This is such a huge exercise that the government will also have to set out how it intends to go through the estimated 19,000 laws it will need to transpose.

It is likely to use fast-track procedures – known as secondary legislation – that will ensure decisions are taken quickly by ministers and officials and there is no parliamentary gridlock potentially lasting years. But this will be controversial as there will be less parliamentary scrutiny than normal of what the government is doing.

And that is not all. The government has also made clear that it will also have to introduce other bills in areas where keeping EU law is not enough and where new legislation will be needed. These may cover immigration, customs, agriculture, fisheries, taxation, data protection, sanctions and nuclear safety. That is a lot of legislation.

The political point is this – parliament will provide the domestic battleground for Brexit, where MPs try to shape Theresa May’s negotiating position, and the weapons they will use will be the bills set out in this coming Queen’s Speech.

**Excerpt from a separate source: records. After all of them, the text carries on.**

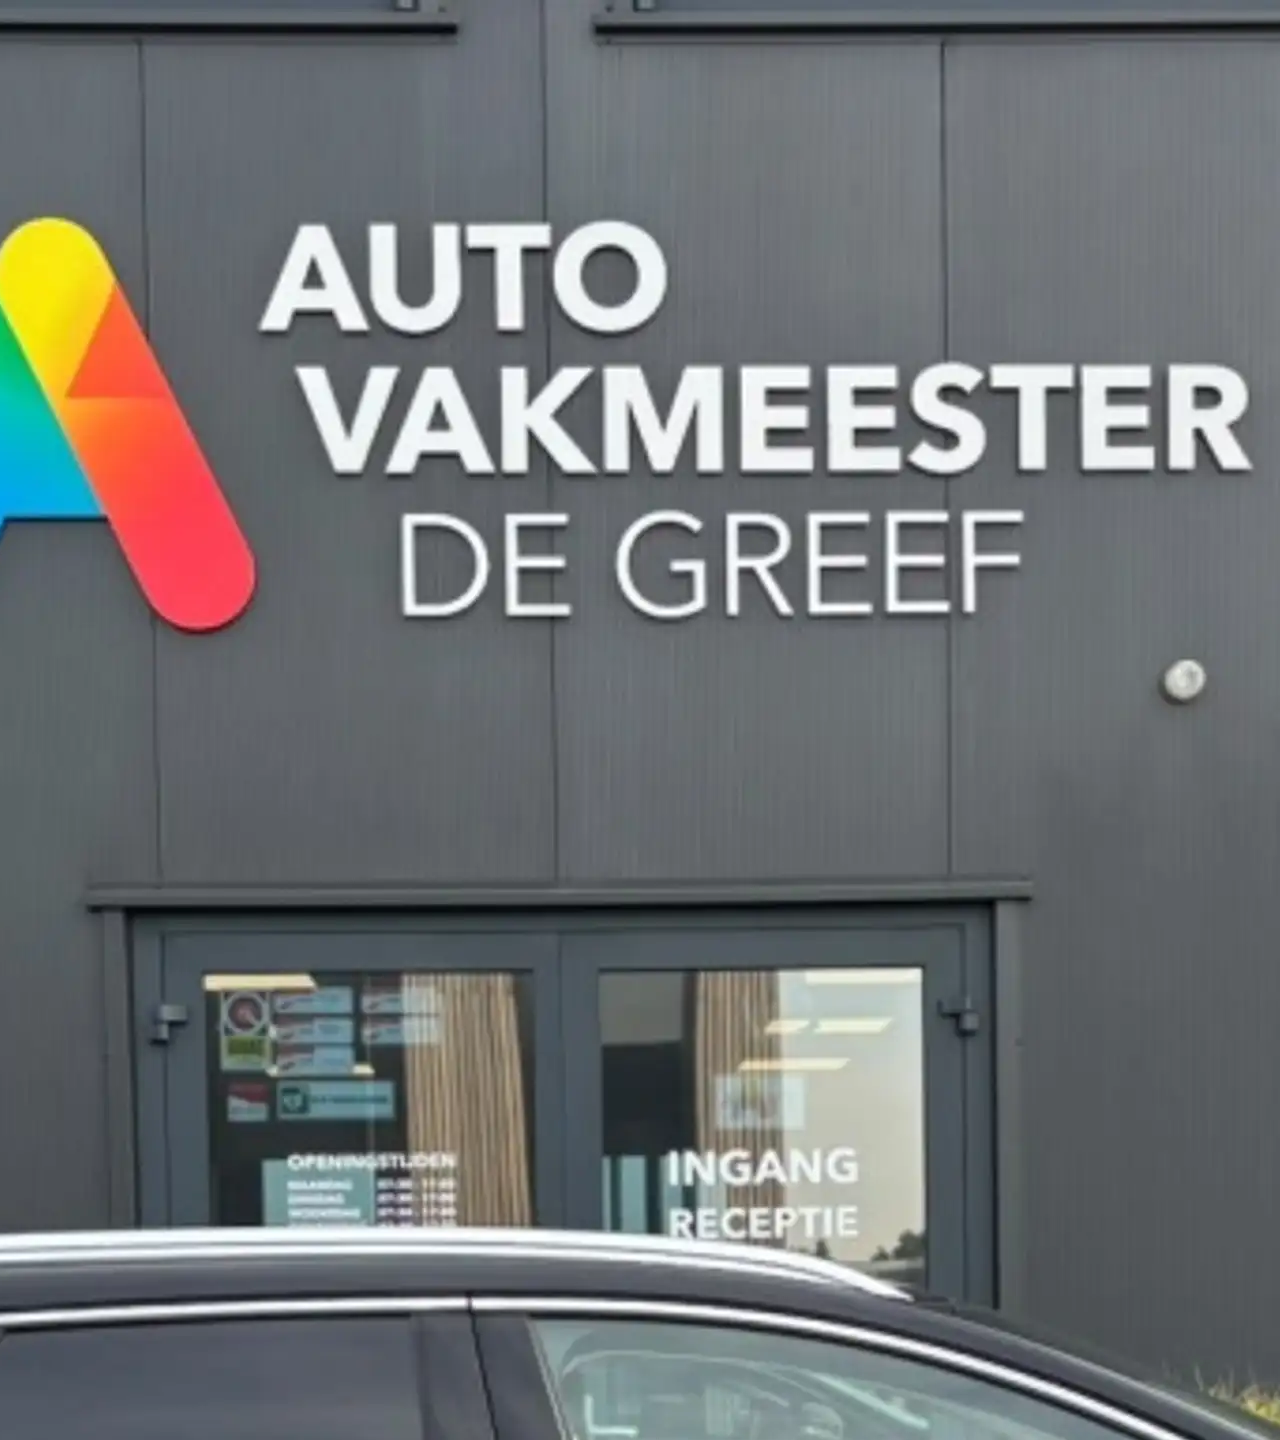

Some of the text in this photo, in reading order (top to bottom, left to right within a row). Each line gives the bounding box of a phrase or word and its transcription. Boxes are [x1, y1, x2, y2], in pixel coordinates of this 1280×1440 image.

[259, 220, 668, 333] AUTO
[295, 361, 1254, 474] VAKMEESTER
[401, 510, 1024, 617] DE GREEF
[669, 1147, 859, 1186] INGANG
[670, 1205, 859, 1239] RECEPTIE

James Landale is the BBC’s diplomatic correspondent.


This Queen’s Speech would normally reflect the winning party’s manifesto. But this year, much of the interest is on what’s going to be dropped or watered down. Some of the most contentious pledges seem likely to be ditched.

So don’t expect to see the scrapping of the winter fuel allowance or a reduction of the so-called “triple lock”, under which the state pension rises in line with the highest of average earnings, the inflation rate or 2.5%. This was to be replaced by a “double lock” rising with earnings or inflation.

What would this mean for the public finances? The “double lock” on pensions wasn’t going to happen until 2020. And the cost of retaining the triple lock could be zero if the forecasts on earnings growing more than 2.5% are correct.

It’s hard to see how the controversial social care plan, which involved people having to sell their homes until they had only £100,000 left in their estates, could get through parliament in its current form, either.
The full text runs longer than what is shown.